The ephebophile thinks these are Gods come to save them. He has vague memories of the feminist judge sentencing him to life without parole, and gloatingly telling him and the court that he is a subhuman paedophile who will get raped repeatedly while incarcerated. Over years of mental deterioration caused by his situation, the ephebophile connects the shadows to feminist Gods, who have omnipotent power over the world – the prison cell – and as Gods are benevolent, will one day save him and other ephebophiles if only they pray fervently enough and prove their virtuous nature to the feminist God.
Eivind realizes that the ephebophile is mistaken. The shadows are not Gods, they are male prison guards. Eivind wishes he could tear the prison guards with his bare hands, but when he attempts to grab them, he finds there is nothing there. He still cannot see that they are merely shadows.

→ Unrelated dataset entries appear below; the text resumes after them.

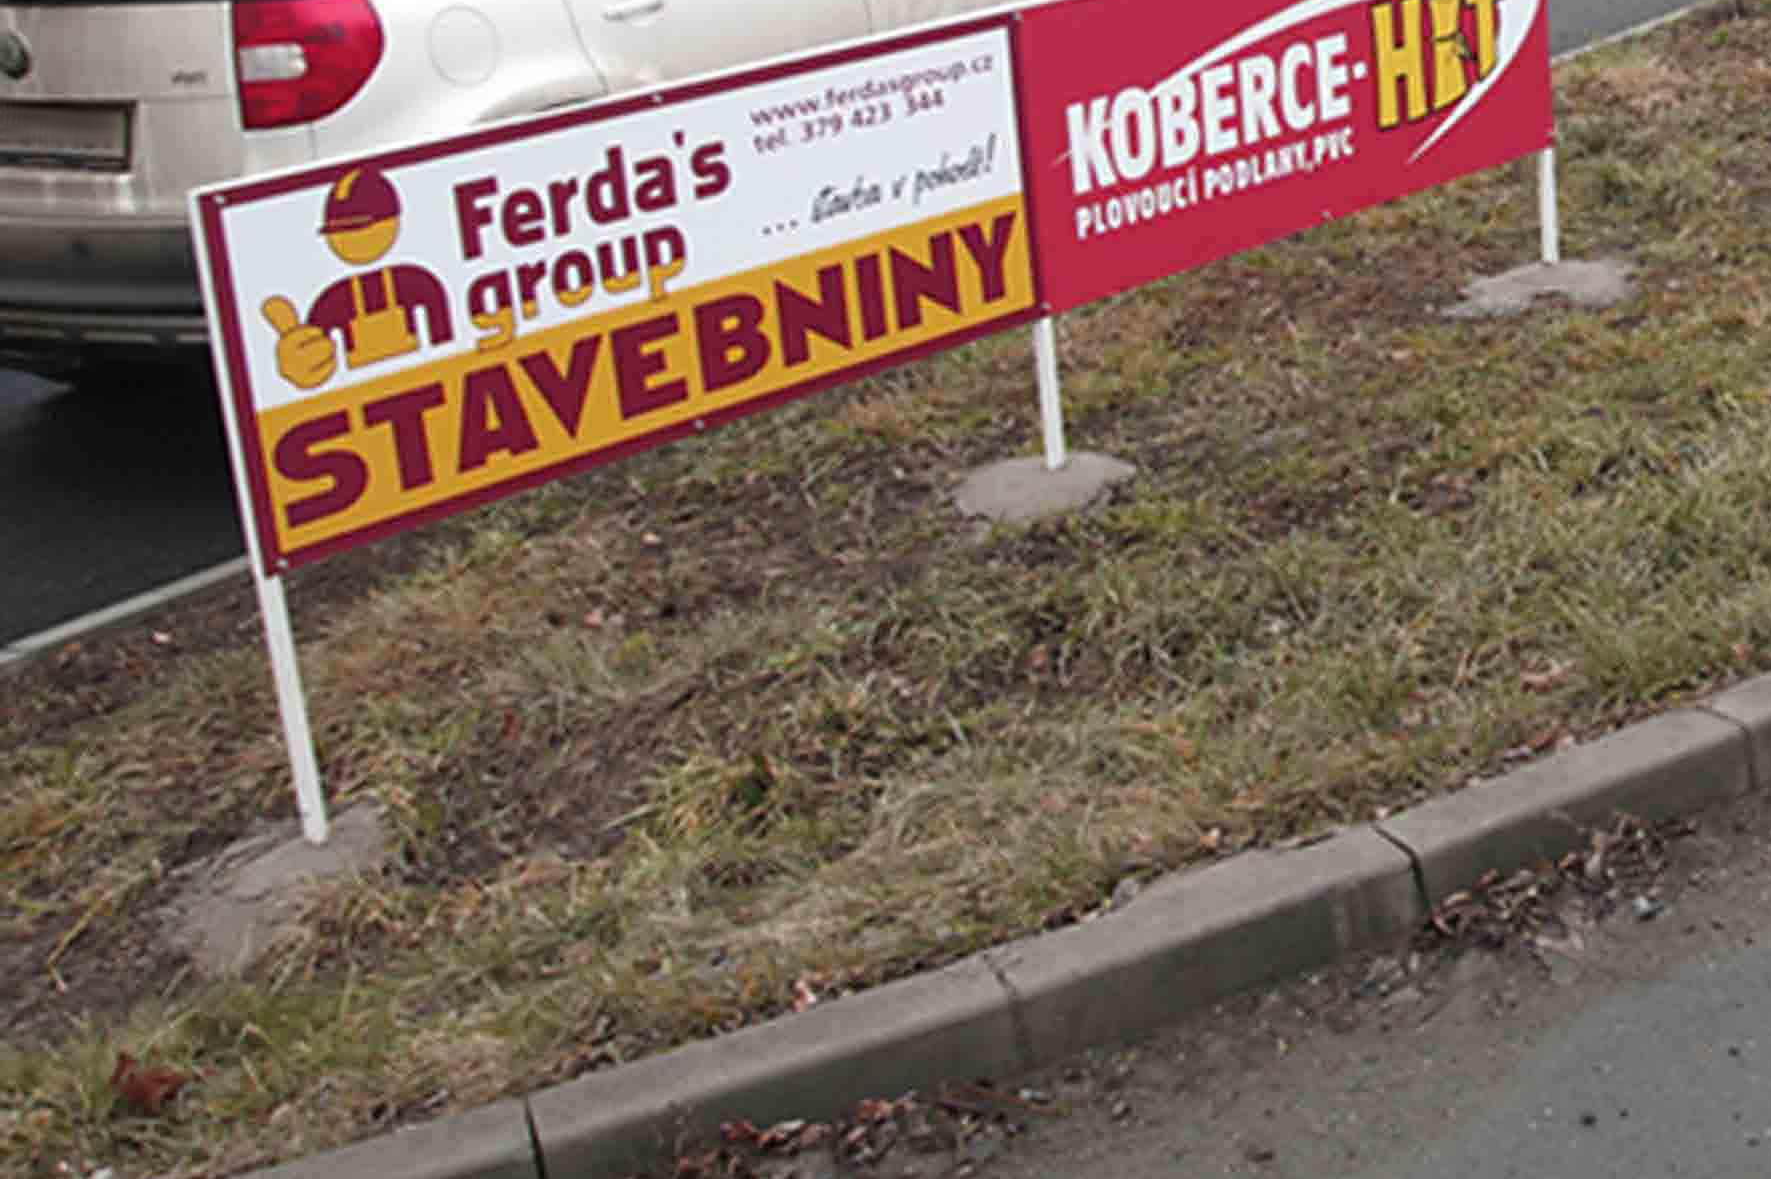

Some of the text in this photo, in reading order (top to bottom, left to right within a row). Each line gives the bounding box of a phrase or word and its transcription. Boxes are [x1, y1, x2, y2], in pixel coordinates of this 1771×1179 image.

[749, 55, 993, 126] www.ferdasgroup.cz
[801, 115, 843, 142] 379
[851, 101, 892, 127] 423
[906, 87, 944, 117] 344
[453, 131, 733, 261] Ferda's
[1075, 170, 1198, 241] PLOVOUCÍ
[467, 226, 688, 352] group
[270, 211, 1020, 531] STAVEBNINY

Still, Eivind thinks he has the answer. If only he could enlist the help of the ephebophile, perhaps the combined might of the two of them could reach out and grasp the guard whose dark shape appears to be tauntingly moving right in front of them on the wall?

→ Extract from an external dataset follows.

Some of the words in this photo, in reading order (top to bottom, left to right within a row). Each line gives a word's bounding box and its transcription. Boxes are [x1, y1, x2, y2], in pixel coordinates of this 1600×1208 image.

But no, the ephebophile is furious at Eivind for suggesting he attack the Gods who are their only chance of freedom.
Only the third prisoner – the Anti-Feminist – realizes that the shapes on the wall are not Gods, nor are they actual prison guards, but they are in fact merely the shadows of prison guards. Trying to grab them is, therefore, futile.
Furthermore, not only is the Anti-Feminist the only prisoner who can see that the shapes on the wall are merely shadows, unlike Eivind, he remembers that the prison guards themselves are not the ultimate cause of their life in the prison cell. He recalls that it is the feminists themselves, out in the real world, who are causing their experiences in the prison cell, and that the male prison guards are simply puppets.
Finally, one day, after disturbing dreams, Eivind woke up and realized again that it was the feminists outside the cell, who were the real enemy, the real cause of their captivity.
He turned away from the ephebophile at his side, and he turned away from the shadows on the wall, and he looked at the Anti-Feminist again as his brother, in order to make one final bid for freedom, to escape the prison cell, and to confront the feminists in the outside world with the light of defiant truth once more.
But Eivind remembered he had killed the Anti-Feminist years ago. He had choked him to death in a fit of self-righteous fury when he caught him fapping to a shadow on the wall, that by a trick of the flickering light, bore a very erotic resemblance to the shape of a nubile 17 year old Russian ice skater.
Eivind realized there was no other option left but to side with the ephebophile. The ephebophile was so happy that Eivind had been restored to sanity. He lost no time in finally convincing Eivind that the shadows on the wall were in fact feminist Gods, and that they must bow down and pray before them every day for the rest of their lives in order to reach deliverance and truth in the next world.
A finer analysis is not needed.
In the allegory, Plato likens people untutored in the Theory of Forms to prisoners chained in a cave, unable to turn their heads. All they can see is the wall of the cave. Behind them burns a fire. Between the fire and the prisoners there is a parapet, along which puppeteers can walk. The puppeteers, who are behind the prisoners, hold up puppets that cast shadows on the wall of the cave. The prisoners are unable to see these puppets, the real objects, that pass behind them. What the prisoners see and hear are shadows and echoes cast by objects that they do not see.